Hello everyone,
I have decided to use the SQL Profiler today, and my goal was to identify requests that take longer than 1 sec, for the execution or the blocking. This is the conditions that I have set up for the SA Profiler:
![Profiling Options]()
The profiler has recorded a multiple similar statements with the following properties:
![Connection Properties]()
What worries me is the high "Idle" value, plus these requests are called from the multiple connections that are still (I think) alive:
![Connections]()
I have found the old thread that says that the idle connections consume memory, and a little CPU when they send "ping" packets: http://sqlanywhere-forum.sap.com/questions/6524/whats-the-performance-downside-to-having-a-lot-of-idle-connections
But I think that this is bad, because it looks like the statement wasn't finished yet (you see, the execution time was still "Unknown") and/or the connection was not returned to the server's connection pool.

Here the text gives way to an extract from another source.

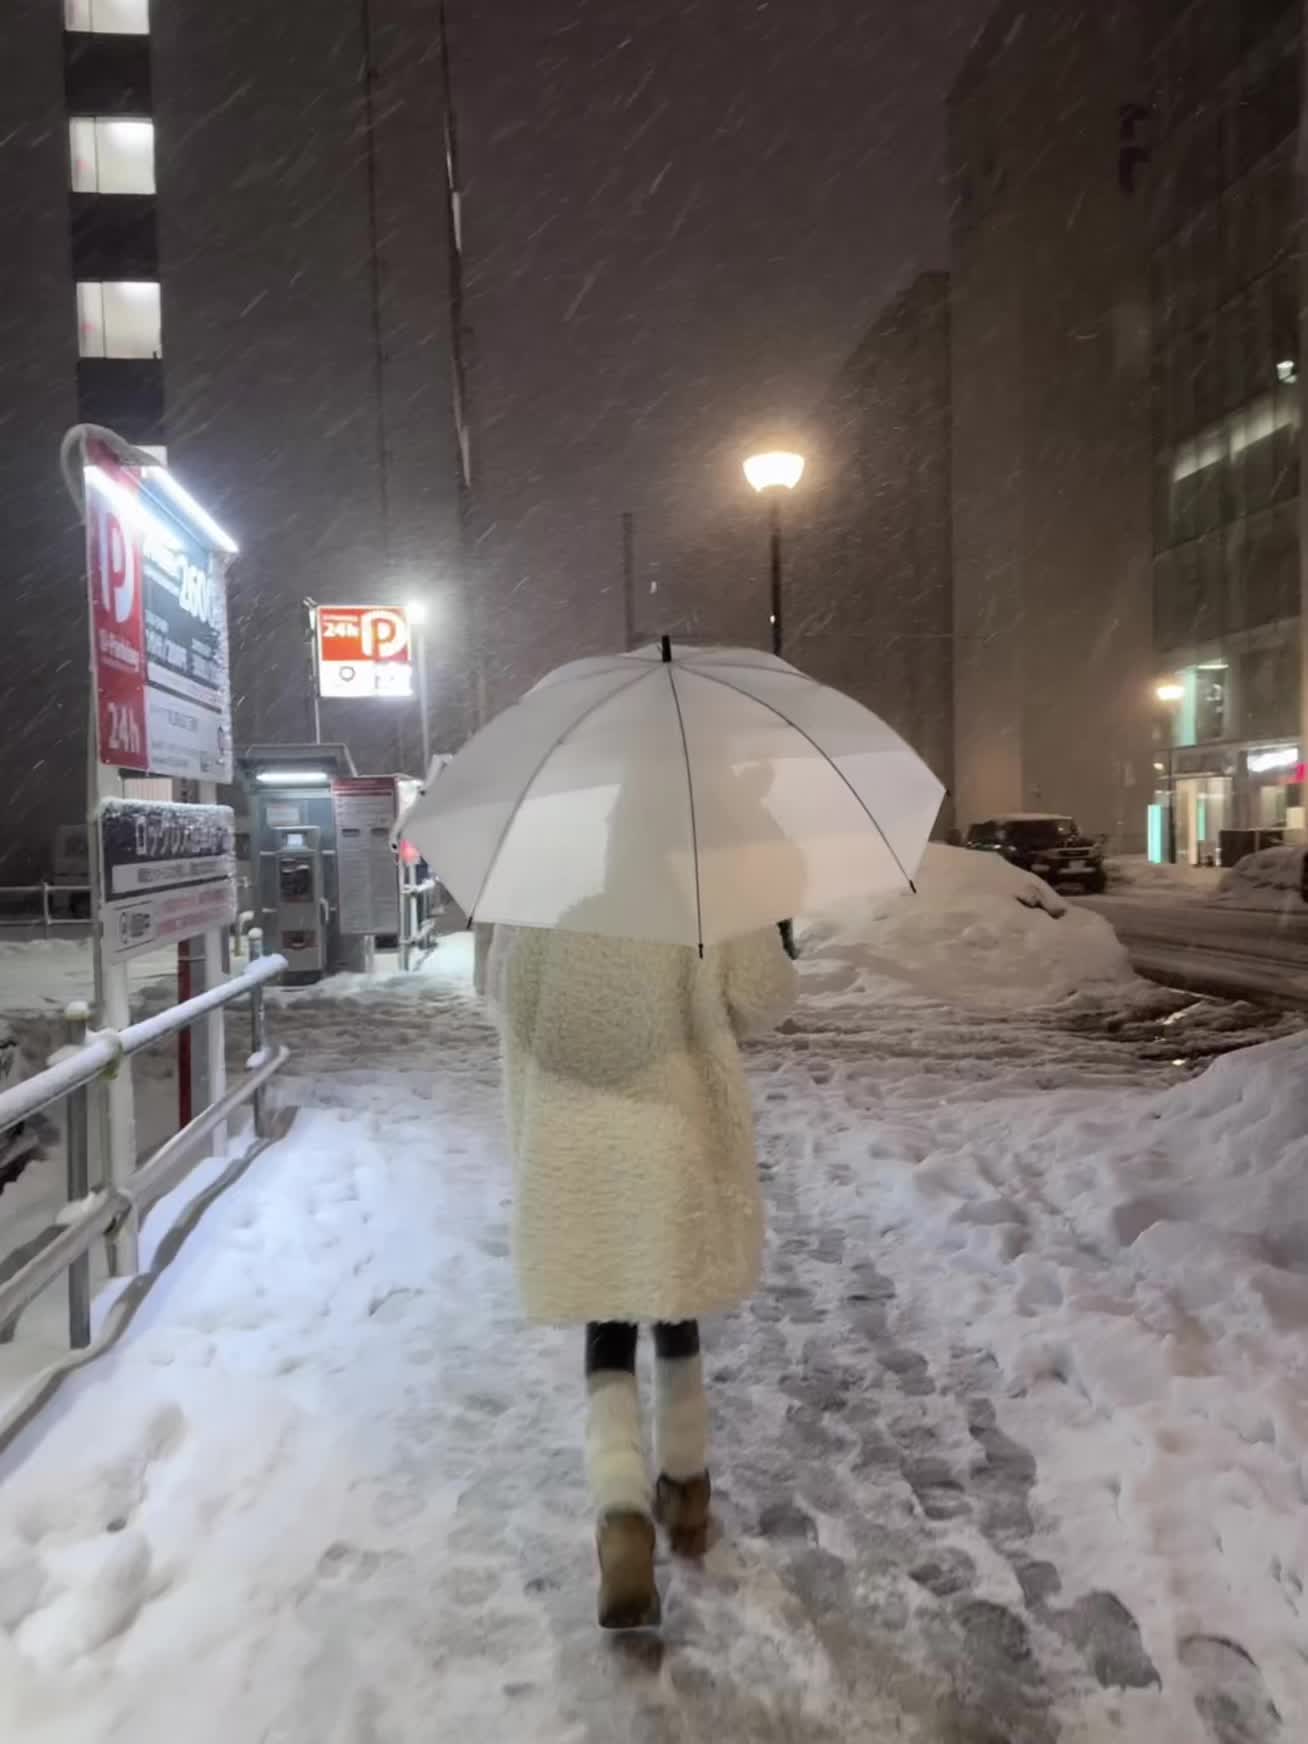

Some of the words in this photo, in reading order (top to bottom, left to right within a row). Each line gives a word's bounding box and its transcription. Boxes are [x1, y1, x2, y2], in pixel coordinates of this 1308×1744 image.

A short update. The profiler has also shown me the following warning:
![Non-default options]()
Can you please confirm that I am right in my assumption? Because it is only you who can stop me from the creation of the support ticket to people, who developed the server :)

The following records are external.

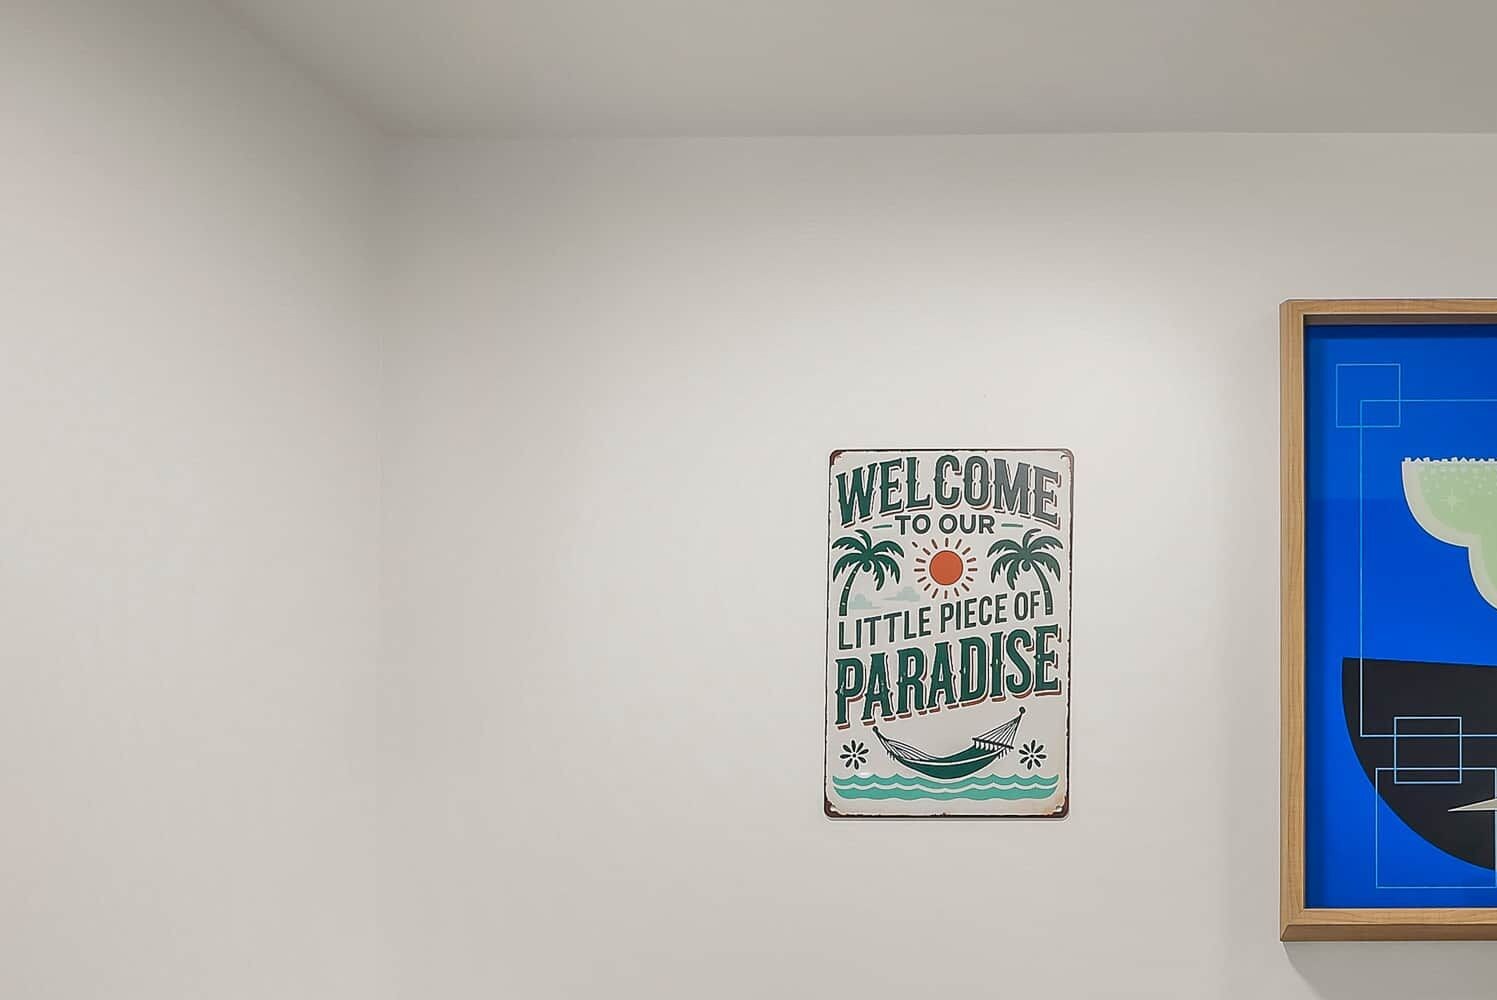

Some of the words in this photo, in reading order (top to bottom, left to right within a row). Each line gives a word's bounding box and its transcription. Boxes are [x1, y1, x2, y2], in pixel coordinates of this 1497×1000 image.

[835, 454, 1061, 530] WELCOME
[895, 515, 931, 535] TO
[938, 514, 995, 534] OUR
[838, 606, 931, 650] LITTLE
[940, 593, 1007, 633] PIECE
[1014, 590, 1041, 619] OF
[835, 624, 1062, 730] PARADISE
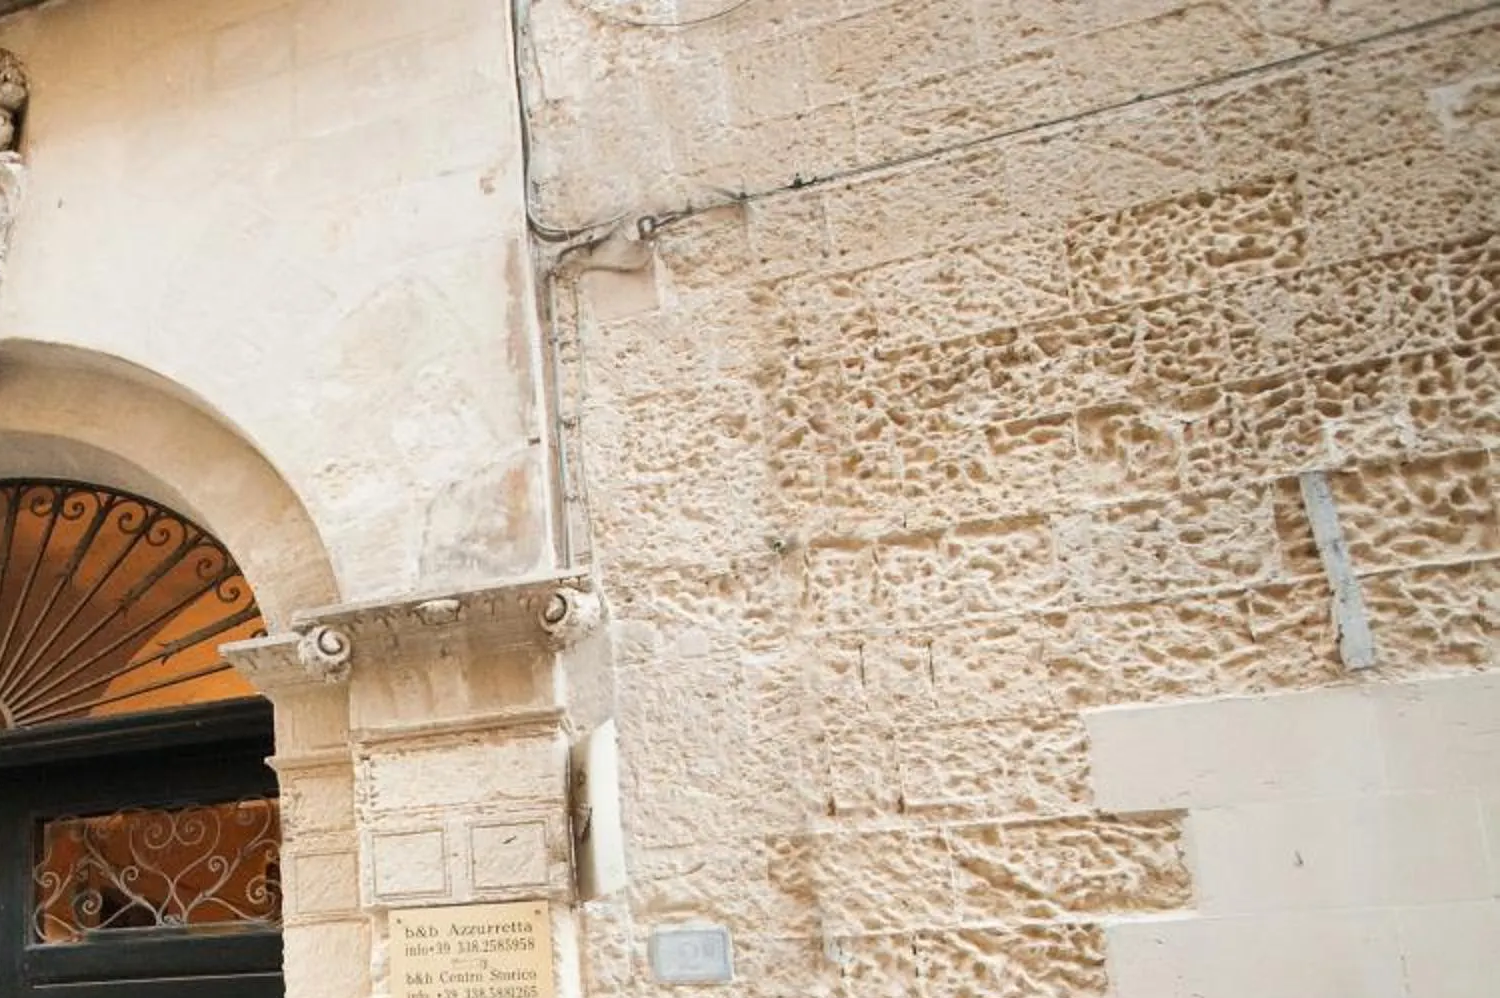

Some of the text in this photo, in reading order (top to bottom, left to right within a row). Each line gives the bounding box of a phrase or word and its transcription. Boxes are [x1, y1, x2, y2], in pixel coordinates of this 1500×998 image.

[448, 921, 533, 936] Azzurretta
[439, 971, 483, 983] Centro
[489, 968, 537, 981] Storico

p.s. I am using SA 17.0.4.2053 (Windows 2012R2 Build 9600, 4 cores).
Just in case:
Auto multiprogramming level - 1
Current multiprogramming level - 20
Min multiprogramming level - 4
Max multiprogramming level - 80
update #2:
I have decided to start demo.db and check it with the SQL Profiler (Profiling options: comprehensive). It showed me that dbisql.exe (I use 64-bit version), gets the number of locks, but probably doesn't close the connection:
![dbisql.exe requests]()
Here you see my simple select:
SELECT @@version;
And then immediately you see the "idle" connection. The source code of com.sybase.saisqlplugin.SAISQLPlugin.getLockedTableCount (I apologize for doing this, but I wanted to know how the "universe" works!) creates the SQL statement object, and then closes it later, but ResultSet is not closed. Am I correct that this is the way where we have the "connection leak" or whatever?
Can someone take a look at my observation, are either the profiler, or dbisql, or me wrong?
To reproduce the issue, you should simply start the profiler (comprehensive mode), dbisql and execute any SELECT.